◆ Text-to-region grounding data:
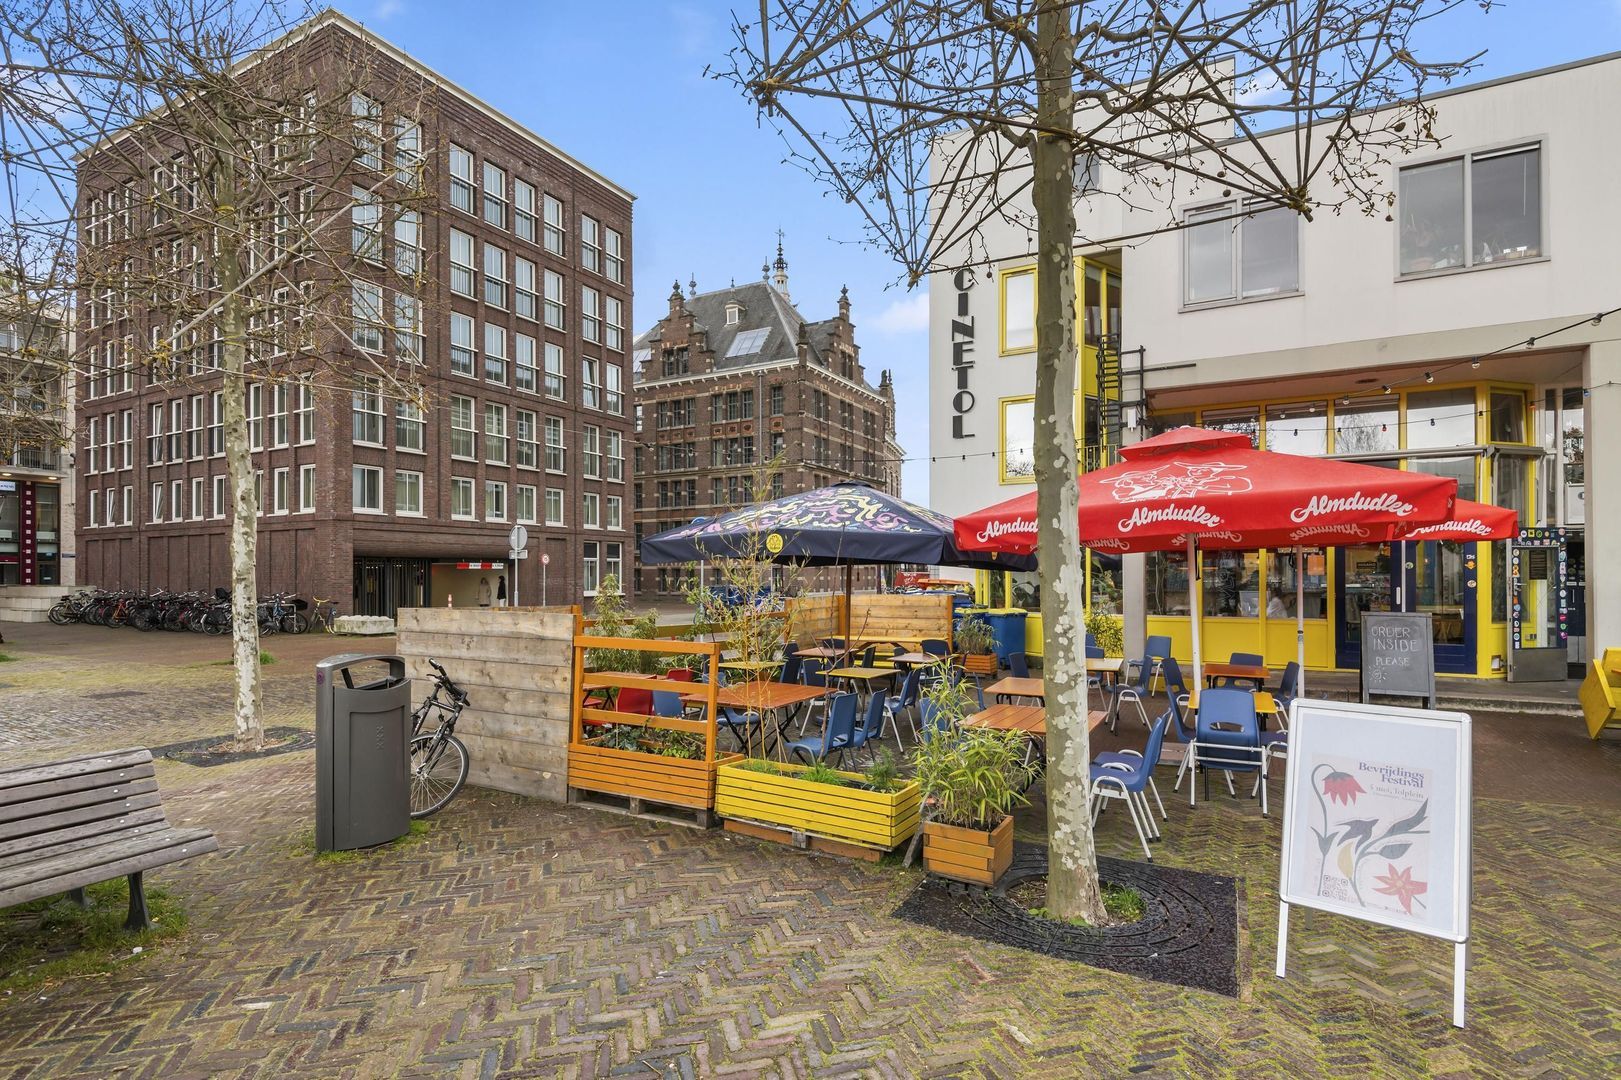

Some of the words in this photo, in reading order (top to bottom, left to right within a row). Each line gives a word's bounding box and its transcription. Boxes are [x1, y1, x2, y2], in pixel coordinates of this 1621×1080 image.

[952, 268, 975, 439] CINETOL
[1290, 491, 1414, 523] Almdudler
[1118, 503, 1221, 533] Almdudler
[977, 517, 1039, 542] Almdud
[1371, 626, 1411, 638] ORDER
[1373, 638, 1419, 653] INSIDE
[1375, 656, 1411, 668] PLEASE
[1359, 762, 1425, 779] Bevrijdings
[1381, 774, 1424, 789] Festival
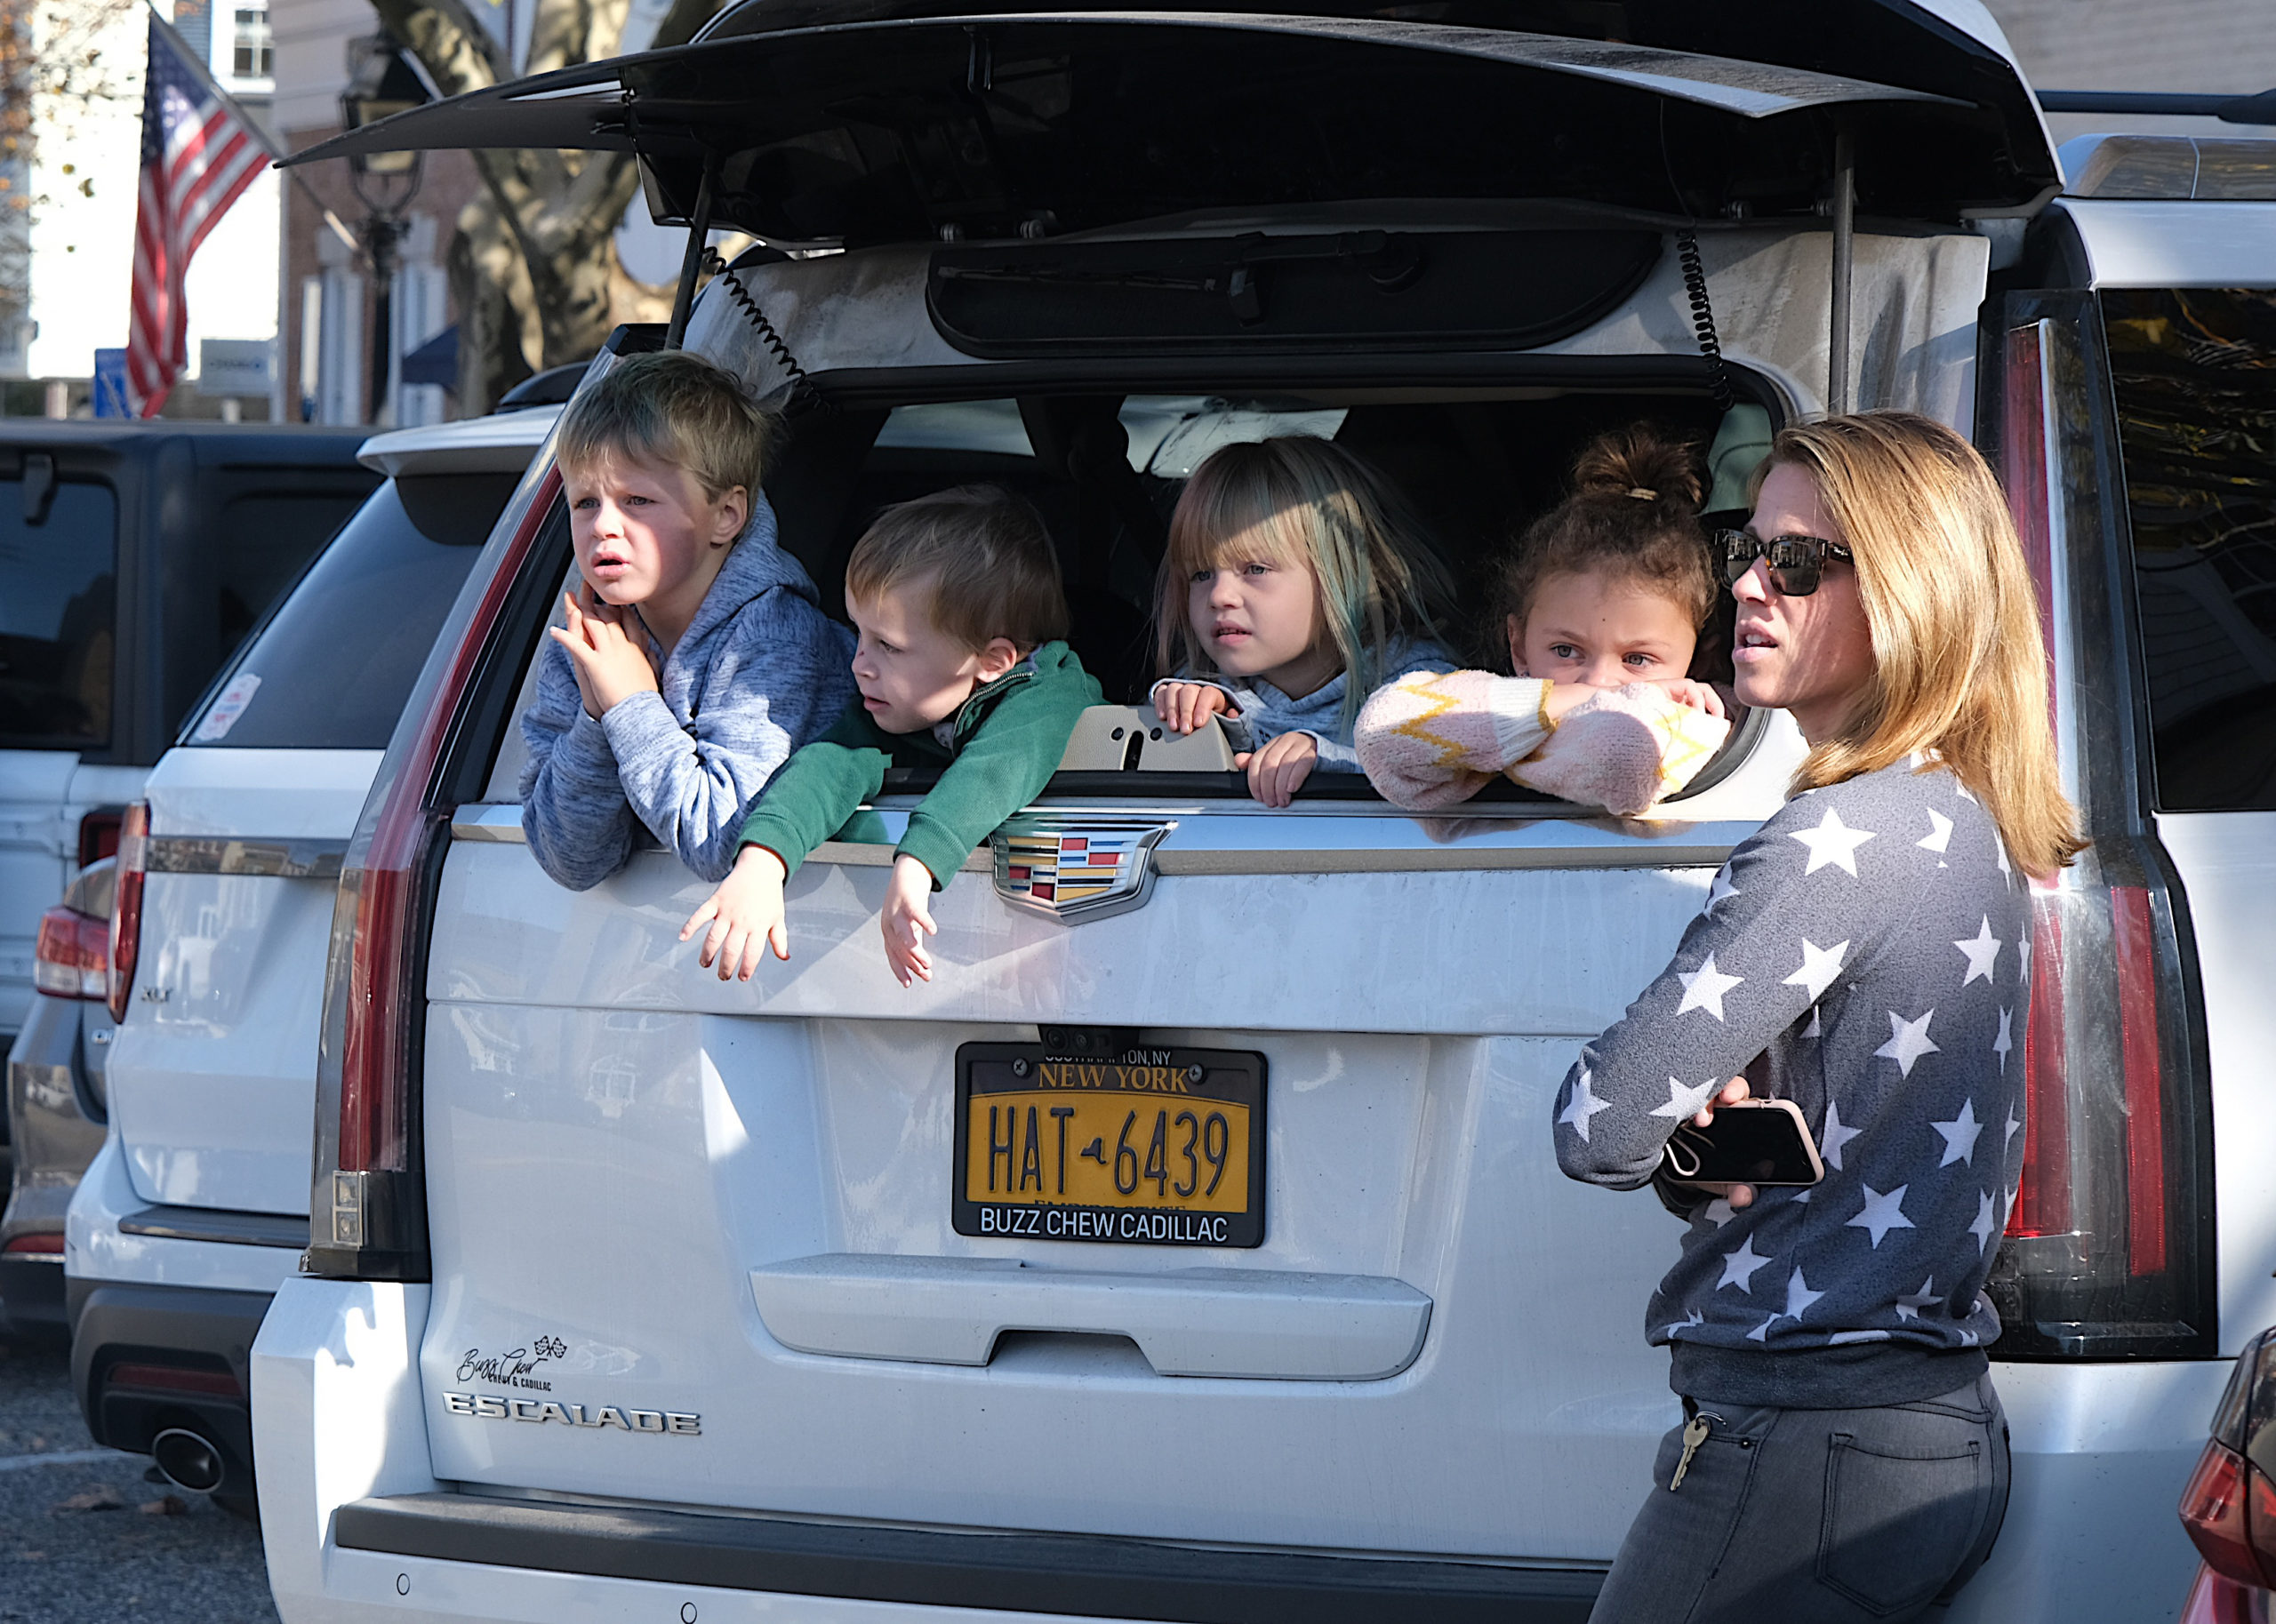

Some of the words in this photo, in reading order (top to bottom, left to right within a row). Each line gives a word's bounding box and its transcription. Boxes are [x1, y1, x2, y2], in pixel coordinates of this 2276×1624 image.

[1038, 1064, 1107, 1088] NEW
[1115, 1067, 1188, 1093] YORK
[989, 1105, 1075, 1195] HAT
[1114, 1110, 1229, 1197] 6439
[981, 1207, 1040, 1235] BUZZ
[1046, 1211, 1115, 1237] CHEW
[1120, 1213, 1228, 1243] CADILLAC
[456, 1348, 500, 1386] Buzz
[512, 1376, 519, 1388] &
[520, 1378, 552, 1392] CADILLAC
[443, 1391, 702, 1436] ESCALADE

◆ Work required:
Give back all the data exactly, minus pictures.

◆ Exercise answer:
Some of the words in this photo, in reading order (top to bottom, left to right within a row). Each line gives a word's bounding box and its transcription. Boxes are [x1, y1, x2, y2], in pixel coordinates of this 1621×1080 image.

[952, 268, 975, 439] CINETOL
[1290, 491, 1414, 523] Almdudler
[1118, 503, 1221, 533] Almdudler
[977, 517, 1039, 542] Almdud
[1371, 626, 1411, 638] ORDER
[1373, 638, 1419, 653] INSIDE
[1375, 656, 1411, 668] PLEASE
[1359, 762, 1425, 779] Bevrijdings
[1381, 774, 1424, 789] Festival

Some of the words in this photo, in reading order (top to bottom, left to right within a row). Each line gives a word's bounding box and its transcription. Boxes are [x1, y1, x2, y2], in pixel coordinates of this 2276×1624 image.

[1038, 1064, 1107, 1088] NEW
[1115, 1067, 1188, 1093] YORK
[989, 1105, 1075, 1195] HAT
[1114, 1110, 1229, 1197] 6439
[981, 1207, 1040, 1235] BUZZ
[1046, 1211, 1115, 1237] CHEW
[1120, 1213, 1228, 1243] CADILLAC
[456, 1348, 500, 1386] Buzz
[512, 1376, 519, 1388] &
[520, 1378, 552, 1392] CADILLAC
[443, 1391, 702, 1436] ESCALADE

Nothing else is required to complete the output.